- _RECORDS TO PROCESS_
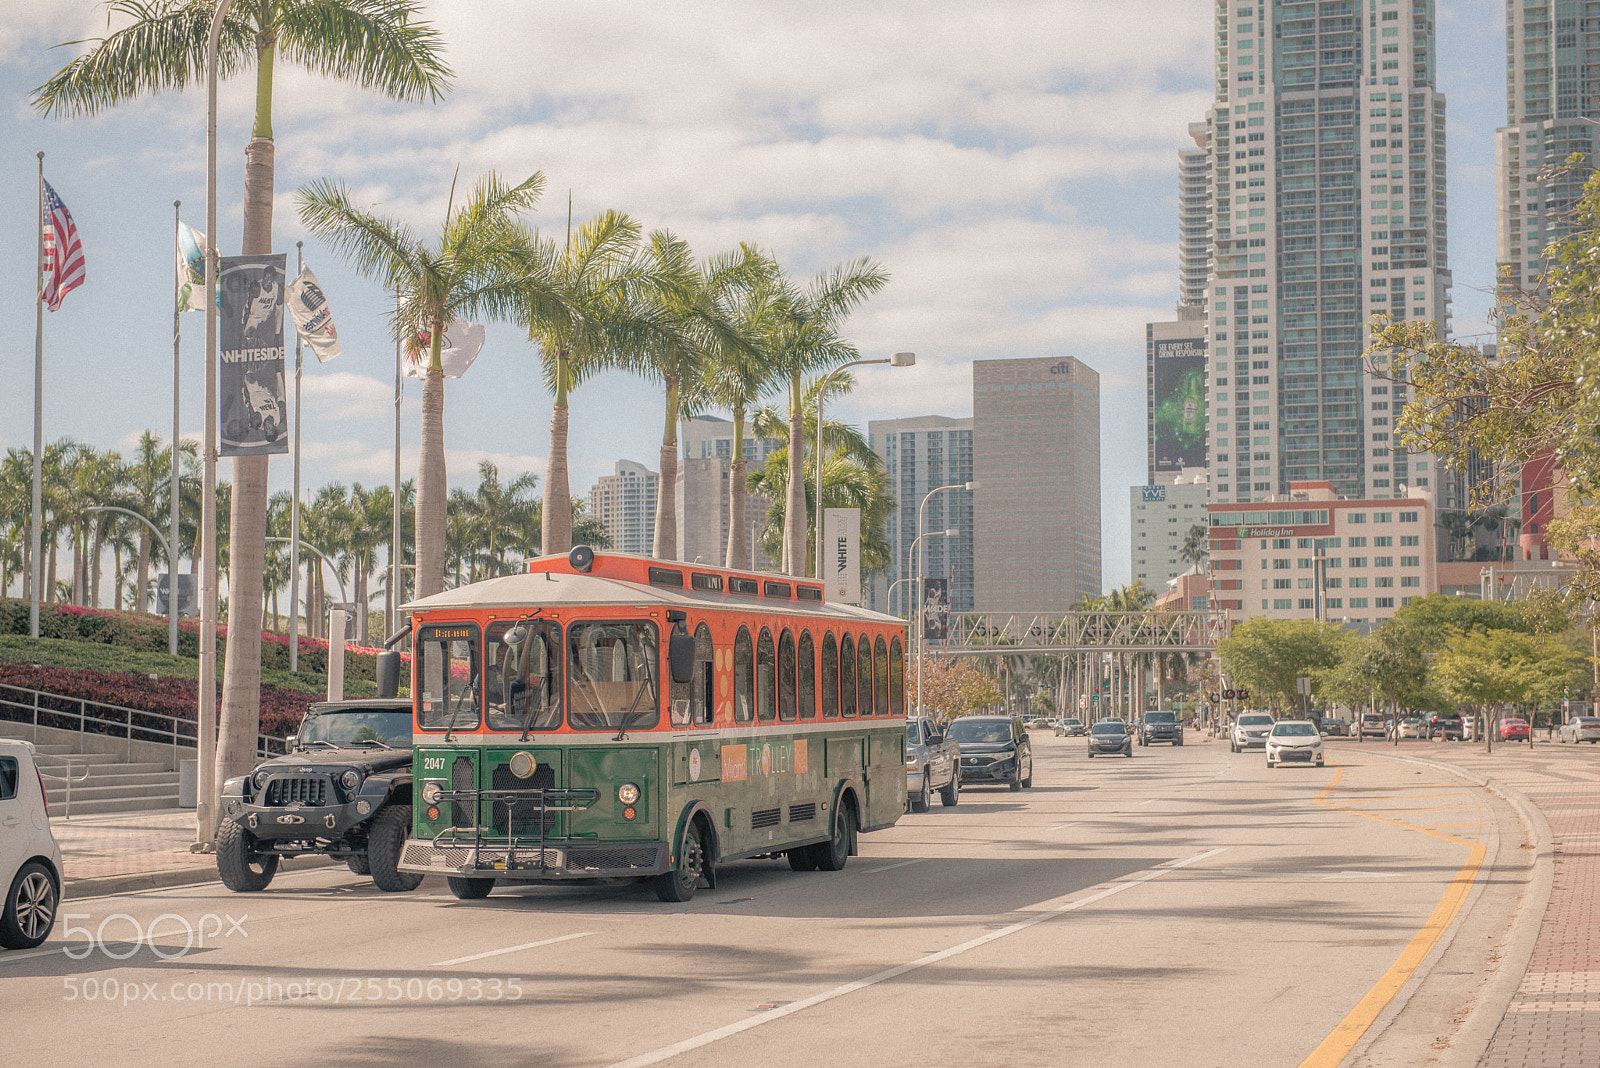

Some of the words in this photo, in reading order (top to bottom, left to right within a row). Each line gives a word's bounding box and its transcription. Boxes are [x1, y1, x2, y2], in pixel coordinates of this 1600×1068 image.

[220, 346, 285, 363] WHITESIDE
[1050, 362, 1069, 374] citi
[1143, 489, 1165, 498] YVE
[1250, 528, 1280, 537] Holiday
[1281, 527, 1294, 536] Inn
[837, 537, 847, 573] WHITE
[924, 604, 948, 613] WADE
[424, 757, 446, 770] 2047
[749, 743, 792, 776] TROLLEY
[299, 766, 313, 774] Jeep

- _WHAT YOU SHOULD DO_
Would you write out all of the data exactly as it stands, without the pictures?

- _RESPONSE TO THIS EXERCISE_
Some of the words in this photo, in reading order (top to bottom, left to right within a row). Each line gives a word's bounding box and its transcription. Boxes are [x1, y1, x2, y2], in pixel coordinates of this 1600×1068 image.

[220, 346, 285, 363] WHITESIDE
[1050, 362, 1069, 374] citi
[1143, 489, 1165, 498] YVE
[1250, 528, 1280, 537] Holiday
[1281, 527, 1294, 536] Inn
[837, 537, 847, 573] WHITE
[924, 604, 948, 613] WADE
[424, 757, 446, 770] 2047
[749, 743, 792, 776] TROLLEY
[299, 766, 313, 774] Jeep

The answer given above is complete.